TASK INSTRUCTIONS — Transcription, pictures excluded: write out the data below exactly.
[PROVIDED RECORDS Boundary: Start]
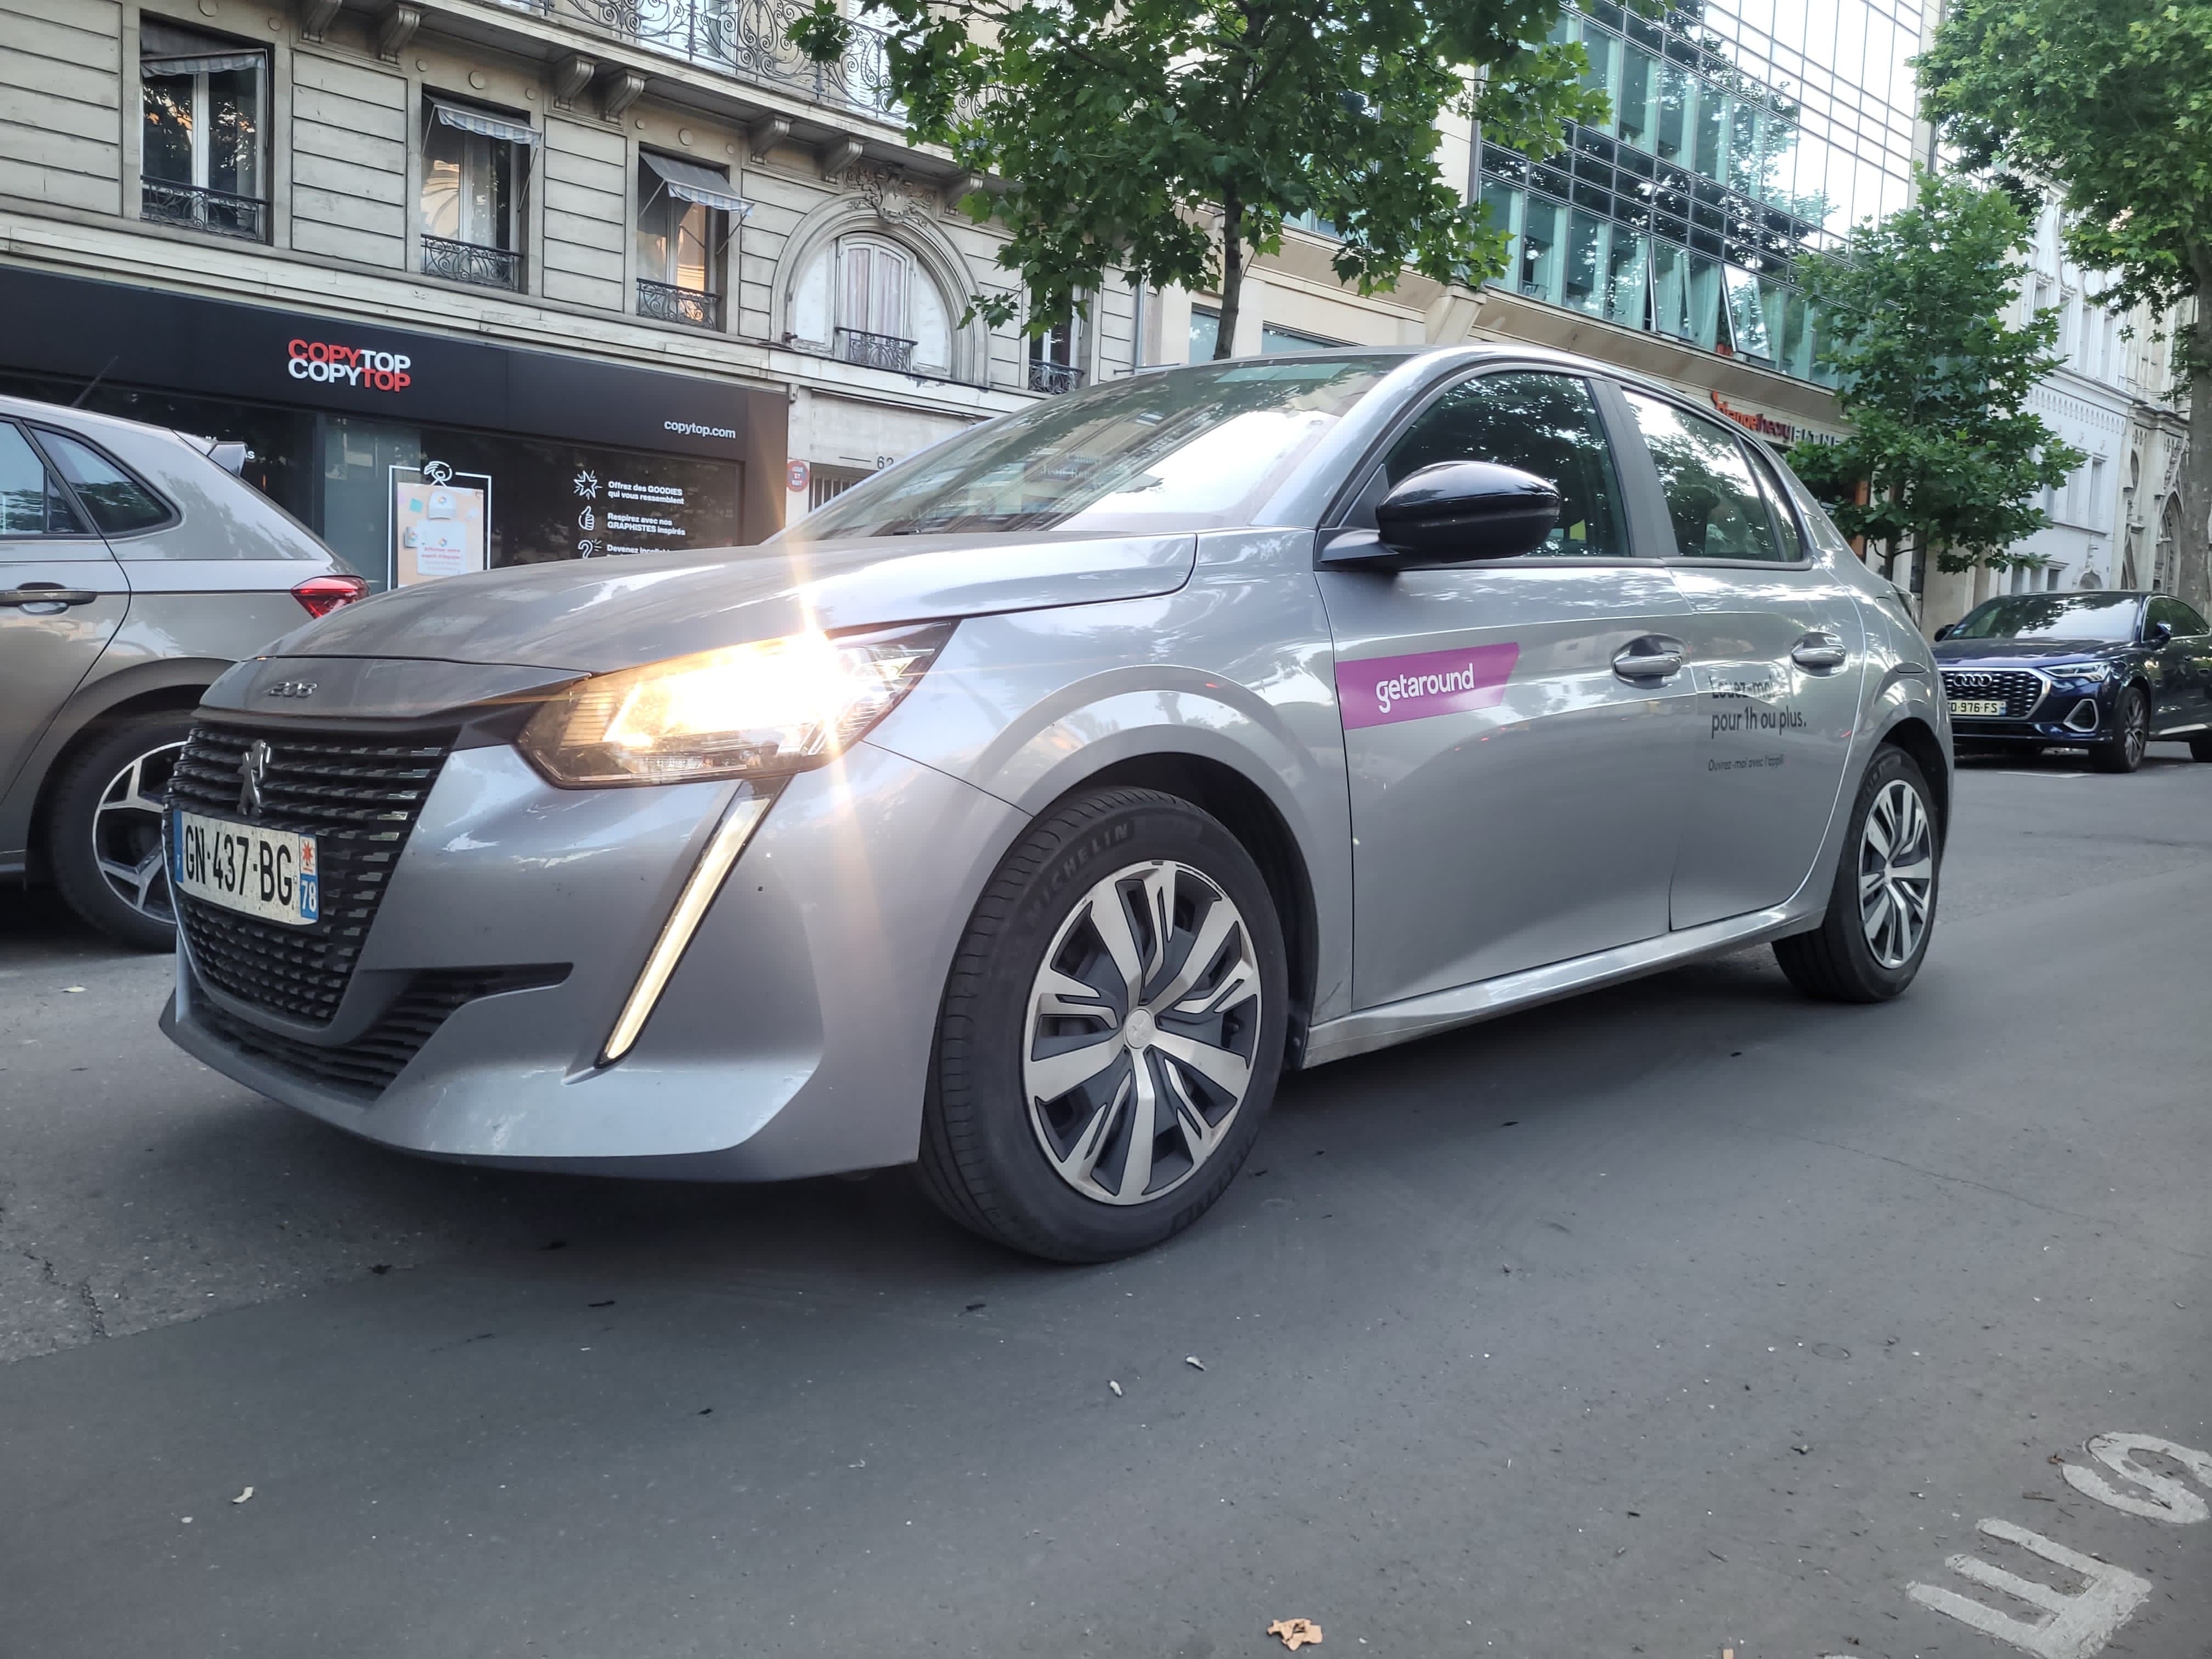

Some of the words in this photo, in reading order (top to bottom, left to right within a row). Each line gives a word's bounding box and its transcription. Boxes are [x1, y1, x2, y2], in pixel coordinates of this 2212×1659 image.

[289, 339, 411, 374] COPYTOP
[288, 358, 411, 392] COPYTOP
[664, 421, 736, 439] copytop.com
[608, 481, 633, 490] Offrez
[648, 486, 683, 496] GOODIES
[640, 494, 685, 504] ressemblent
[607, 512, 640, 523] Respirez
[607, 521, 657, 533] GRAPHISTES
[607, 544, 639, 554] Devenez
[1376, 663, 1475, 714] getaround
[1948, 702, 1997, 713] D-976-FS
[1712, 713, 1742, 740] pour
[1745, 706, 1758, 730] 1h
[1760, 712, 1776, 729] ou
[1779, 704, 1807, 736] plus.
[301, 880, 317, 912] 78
[PROVIDED RECORDS Boundary: End]
TASK OUTPUT —
Some of the words in this photo, in reading order (top to bottom, left to right within a row). Each line gives a word's bounding box and its transcription. Boxes are [x1, y1, x2, y2], in pixel coordinates of this 2212×1659 image.

[289, 339, 411, 374] COPYTOP
[288, 358, 411, 392] COPYTOP
[664, 421, 736, 439] copytop.com
[608, 481, 633, 490] Offrez
[648, 486, 683, 496] GOODIES
[640, 494, 685, 504] ressemblent
[607, 512, 640, 523] Respirez
[607, 521, 657, 533] GRAPHISTES
[607, 544, 639, 554] Devenez
[1376, 663, 1475, 714] getaround
[1948, 702, 1997, 713] D-976-FS
[1712, 713, 1742, 740] pour
[1745, 706, 1758, 730] 1h
[1760, 712, 1776, 729] ou
[1779, 704, 1807, 736] plus.
[301, 880, 317, 912] 78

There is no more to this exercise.